# Assigned task
There is a line containing "this 1344×1512 image." in the entries below. Repeat that line and every line after it exactly, and nothing more.

# Exercise data
======
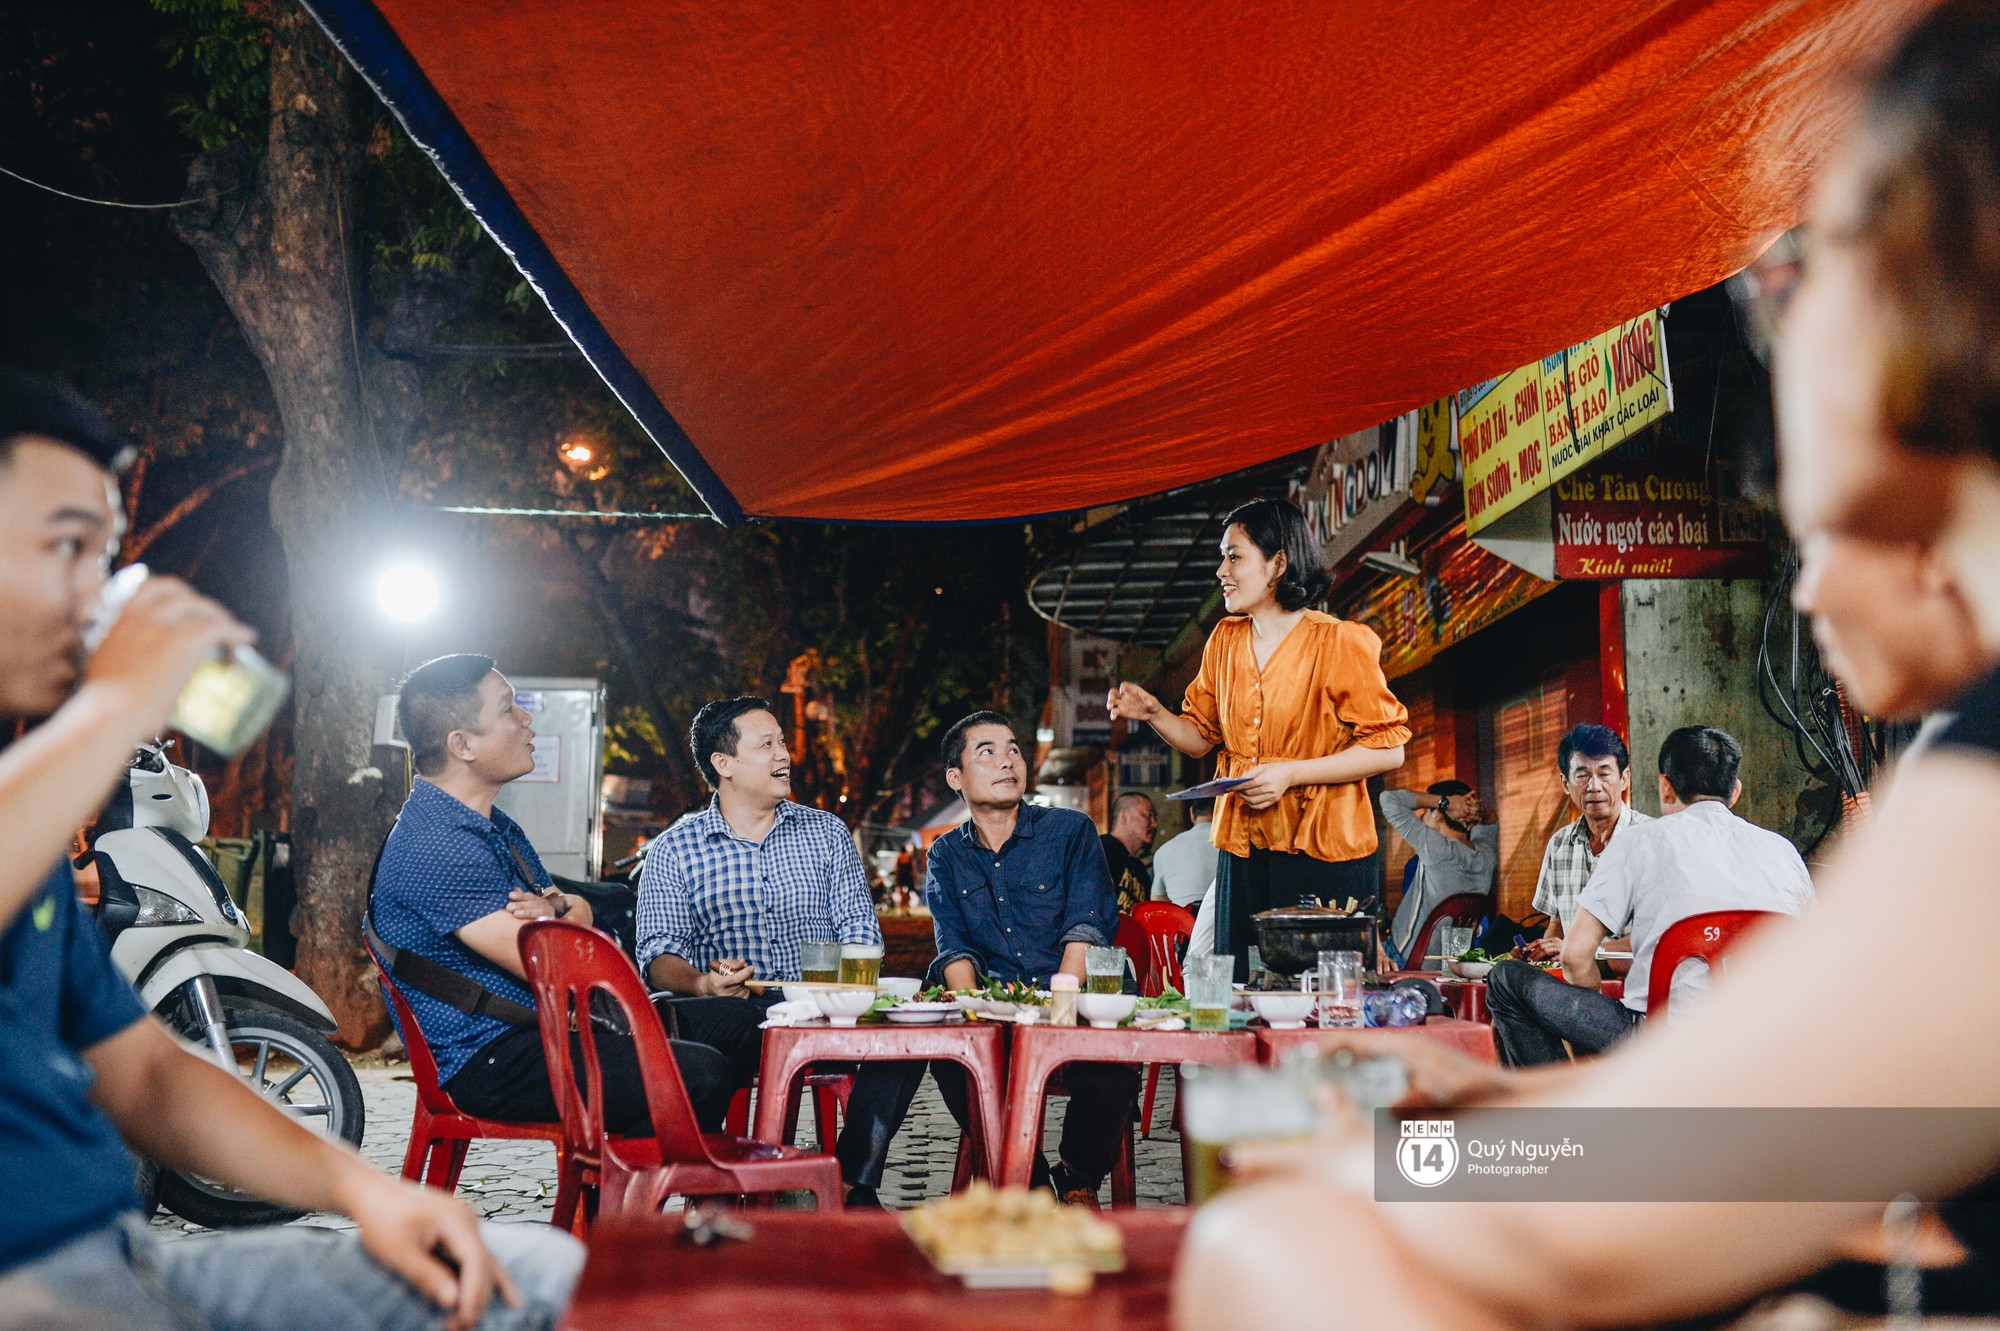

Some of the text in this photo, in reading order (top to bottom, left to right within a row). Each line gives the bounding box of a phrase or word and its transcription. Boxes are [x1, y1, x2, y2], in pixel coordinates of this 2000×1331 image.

[1545, 370, 1577, 413] BÁNH
[1578, 347, 1600, 388] GIÒ
[1611, 317, 1656, 396] NÓNG
[1463, 377, 1539, 468] PHỞ BÒ TÁI CHÍN
[1549, 387, 1607, 447] BÁNH BAO
[1617, 403, 1636, 426] CÁC
[1637, 386, 1660, 413] LOẠI
[1468, 439, 1542, 519] BÚN SƯỜN MỌC
[1600, 472, 1640, 501] Tân
[1557, 511, 1602, 546] Nước
[1606, 515, 1644, 554] ngọt
[1648, 511, 1674, 545] các
[1677, 512, 1709, 551] loại
[1703, 926, 1721, 942] 59
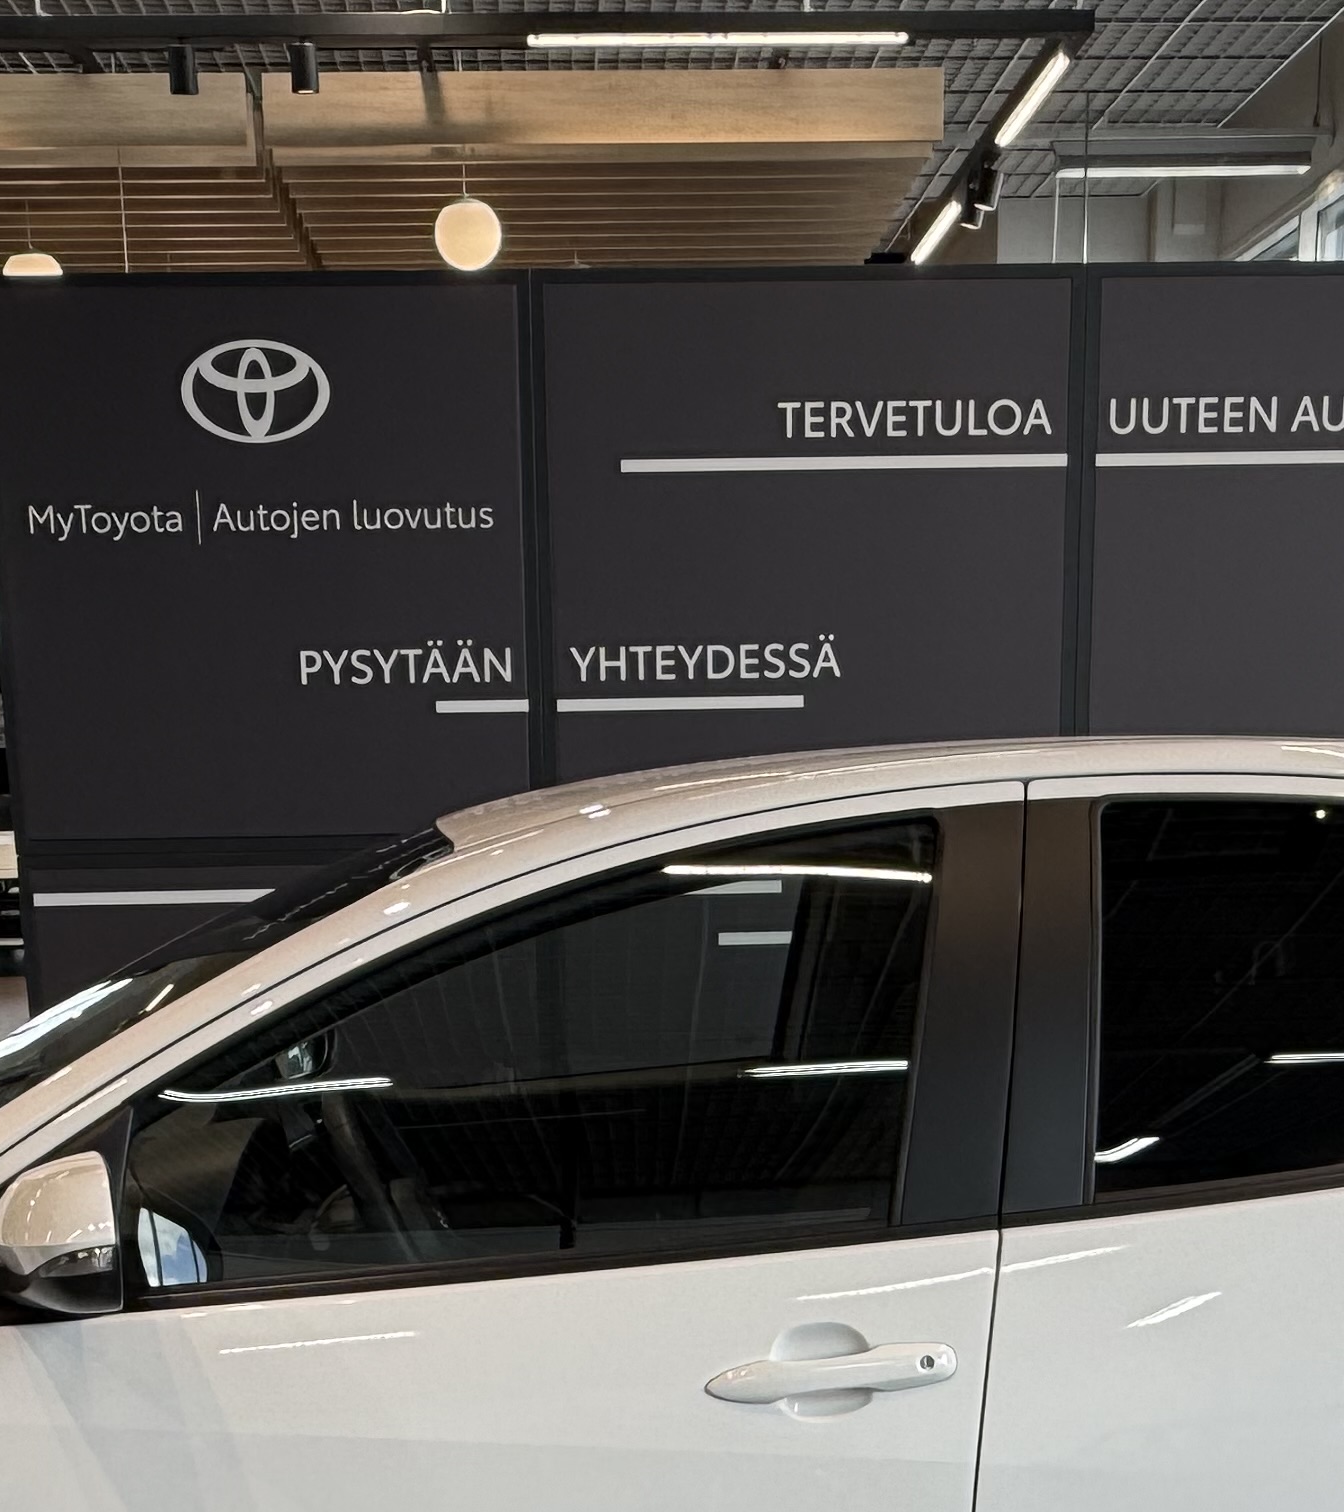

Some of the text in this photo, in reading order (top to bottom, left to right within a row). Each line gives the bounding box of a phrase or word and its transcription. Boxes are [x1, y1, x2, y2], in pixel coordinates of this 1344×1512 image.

[777, 398, 1053, 439] TERVETULOA
[1109, 395, 1278, 435] UUTEEN
[28, 499, 494, 542] MyToyota Autojen luovutus
[299, 633, 841, 686] PYSYTÄÄN YHTEYDESSÄ
======
# The completed task
Some of the text in this photo, in reading order (top to bottom, left to right within a row). Each line gives the bounding box of a phrase or word and its transcription. Boxes are [x1, y1, x2, y2], in pixel coordinates of this 1344×1512 image.

[777, 398, 1053, 439] TERVETULOA
[1109, 395, 1278, 435] UUTEEN
[28, 499, 494, 542] MyToyota Autojen luovutus
[299, 633, 841, 686] PYSYTÄÄN YHTEYDESSÄ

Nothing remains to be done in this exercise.